At 9.30, my phone rang. I looked and saw that it was my RC.
I knew what was coming, because this had happened to me a year before. I was released from recruitment, and told that I should do my best to get involved in other ways.
I tried not to be too upset by it since it had happened to me once before. Still, I had hoped for a little while that I might have a chance to pref...
Later that day it really sunk in. What!? I seriously got dropped by ALL the houses for 2 years in a row? What in the world was wrong with me that NOBODY wanted me?? Especially after working so hard on getting my grades up, getting recs, practicing conversations... How could the houses not see that I'd be a great sister!?

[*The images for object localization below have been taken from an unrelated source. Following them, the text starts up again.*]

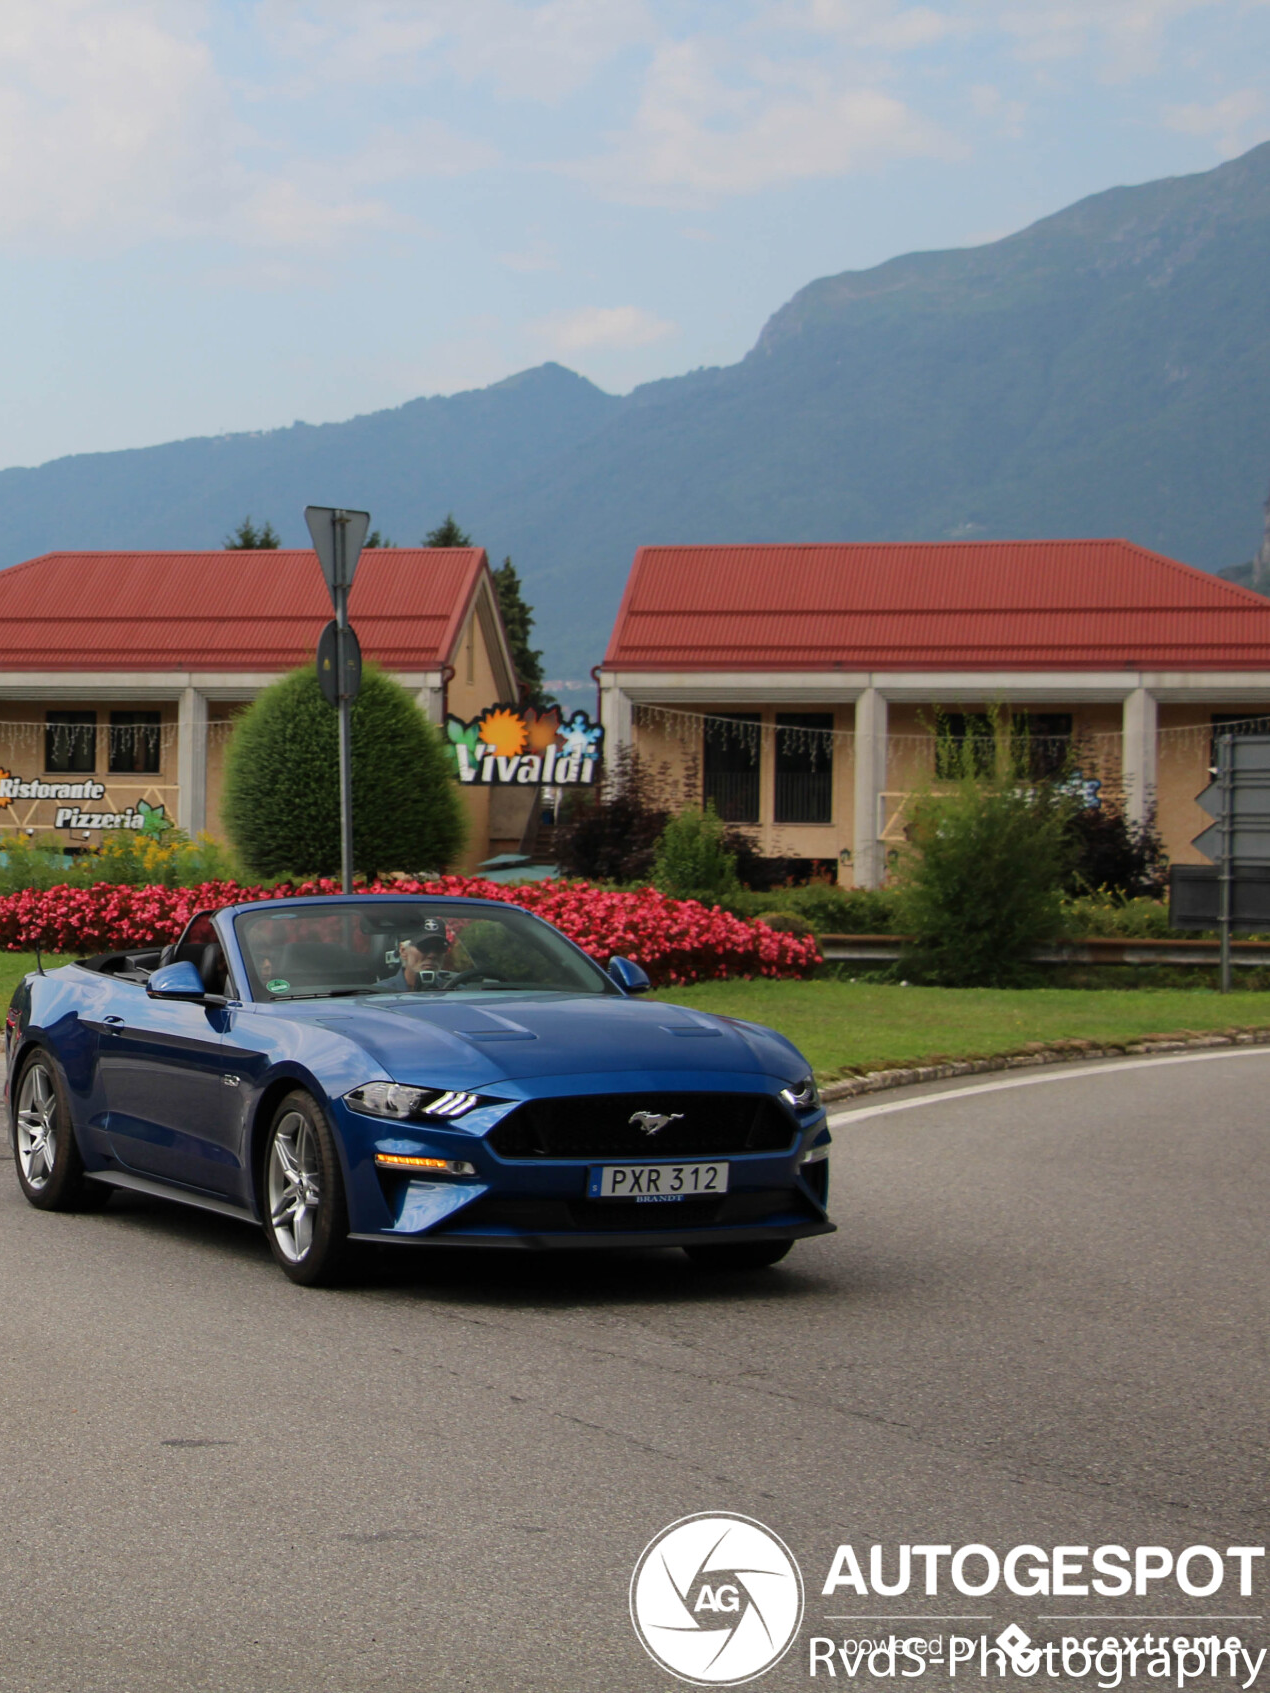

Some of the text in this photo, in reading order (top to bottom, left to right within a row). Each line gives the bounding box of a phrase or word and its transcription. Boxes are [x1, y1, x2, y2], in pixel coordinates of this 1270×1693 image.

[455, 743, 596, 784] Vivaldi
[55, 807, 146, 829] Pizzeria
[611, 1169, 661, 1193] PXR
[670, 1166, 719, 1191] 312
[636, 1194, 684, 1203] BRANDT

To distract me, I talked to my family, and met up with my sister for lunch. I had a good day. I talked to my RC and she hinted that she would like me to go through it again next year, but I just wasn't sure if I would at that point. I had already been through twice, with virtually identical results both times, so I was seriously doubtful that I would make it in if I tried a third time. I had improved almost all of the ways I could, and the only thing I could do was make friends with a lot of sorority women (and I didn't want to try to be friends with girls just so I could have an 'in' with their organization). The only factor I could really think of was that my class standing was non-freshman, and if I waited another year I surely wouldn't be any closer to Freshman.

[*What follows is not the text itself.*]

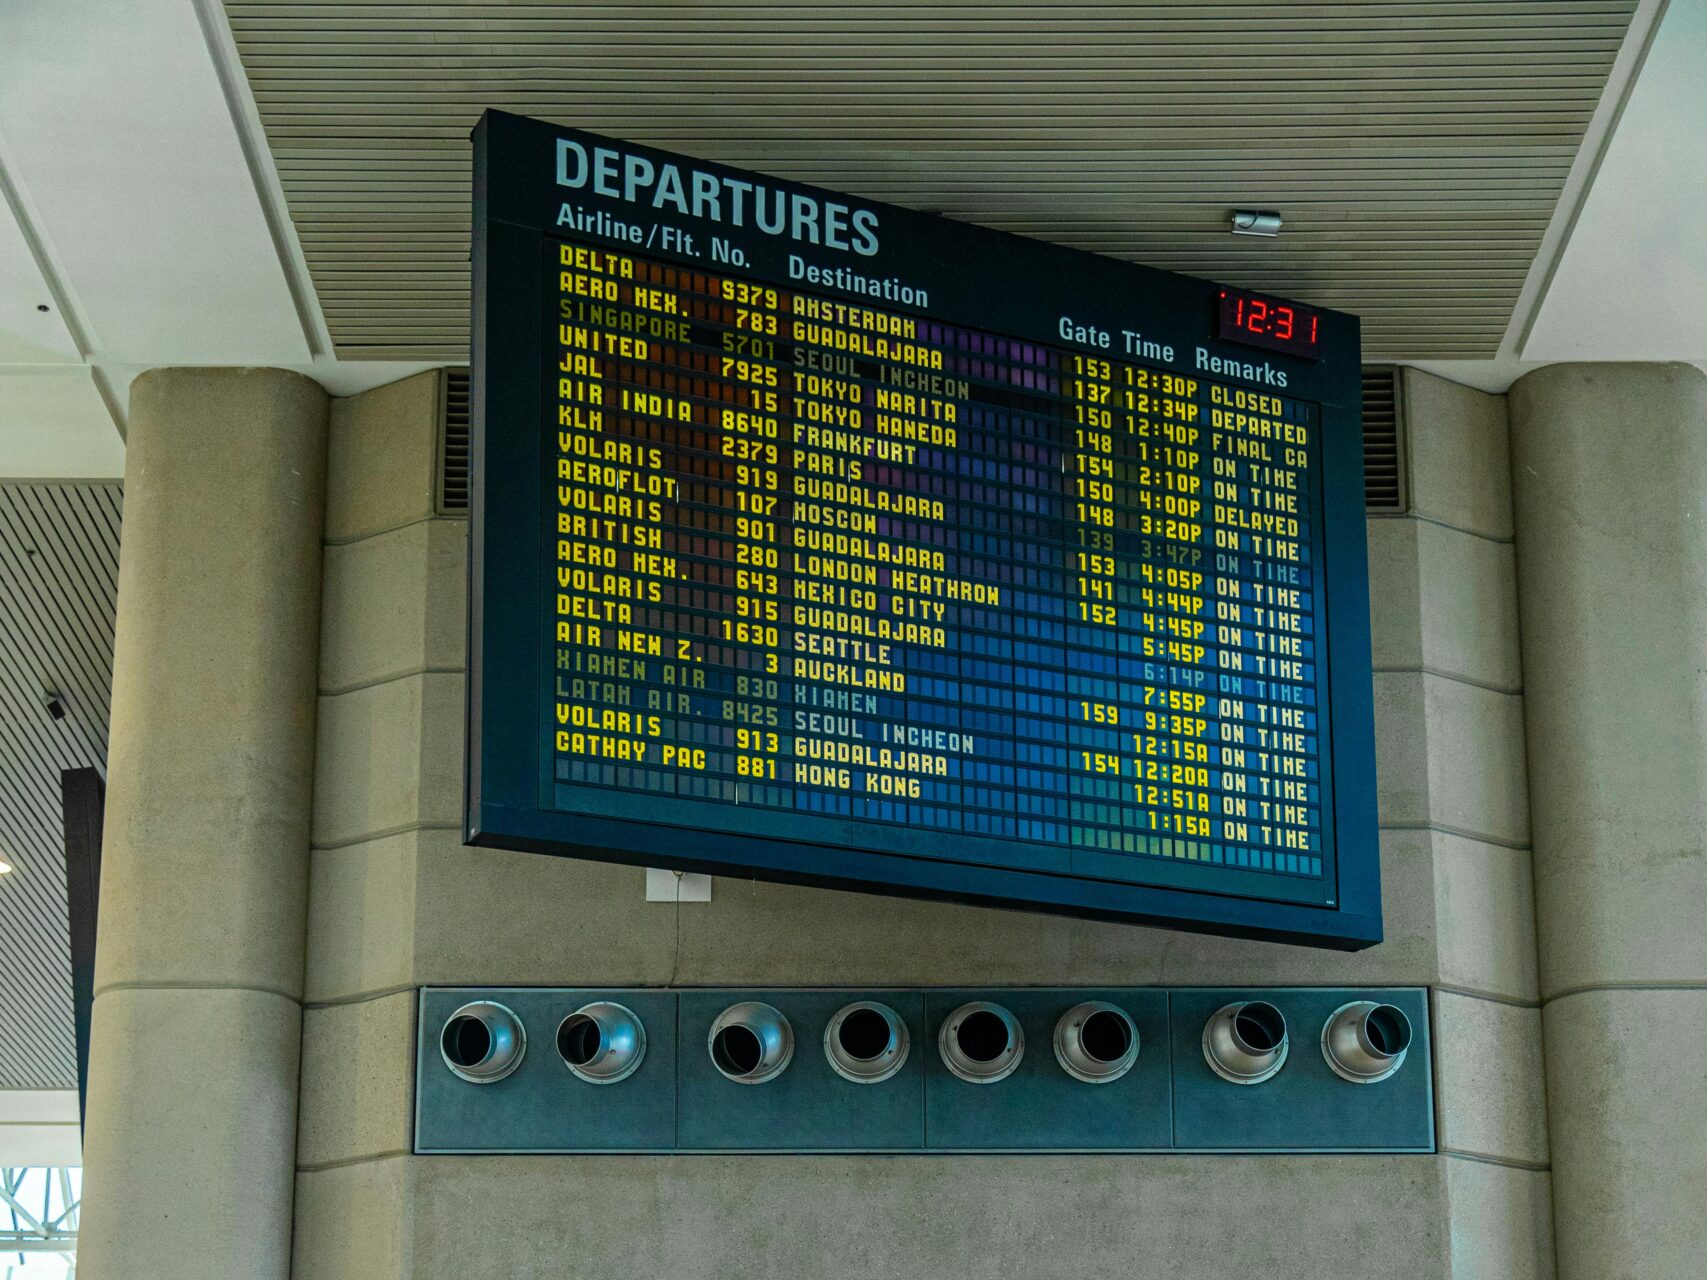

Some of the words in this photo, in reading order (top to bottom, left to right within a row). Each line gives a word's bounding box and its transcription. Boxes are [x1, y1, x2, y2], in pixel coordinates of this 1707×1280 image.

After classes started, I decided that this wouldn't happen again. Last year when I got released, I became obsessed with trying again, and wanted the girls to want me. This year I wasn't going to put myself through that again. I'd make friends on my own; I didn't need a sorority to feel good about myself. Maybe I wouldn't have thought this if I hadn't been able to look at my situation rationally, but once I got my 'mourning' out of my system I realized that it was stupid of me to think that if I wasn't in a sorority I wasn't a good person. I also had realized by this point that I was going through recruitment for the wrong reasons, something I hadn't wanted to admit to myself earlier but that I now found was the plain, hard truth. I was looking for validation from a sorority, and I was so obsessed with joining one that I felt like I would be insufficient without one. In the end I was actually OK about how things turned out, although I was a little bit sad that something I had wanted so badly hadn't worked out.
Still, when it came down to it, the things I hoped most to get out of joining a sorority were friendships. And there were other ways to find those on a campus as large as mine.
I joined 2 clubs, and I found out about Carnelian House, a non-Panhellenic Greek organization that was service-based instead of social-based. Their membership intake process was much less difficult than the Panhellenic groups. I pledged and loved it.
I realized that being involved was what I had been missing. I didn't need a Panhellenic sorority to validate me. My problem had been that I wasn't involved in much; and sitting at home gives you time to feel sorry for yourself. I was making a lot of friends in Carnelian House and truly falling in love with the organization. I was very busy with classes and clubs, and the hours I spent volunteering. I felt happy and for the first time, like nothing was missing.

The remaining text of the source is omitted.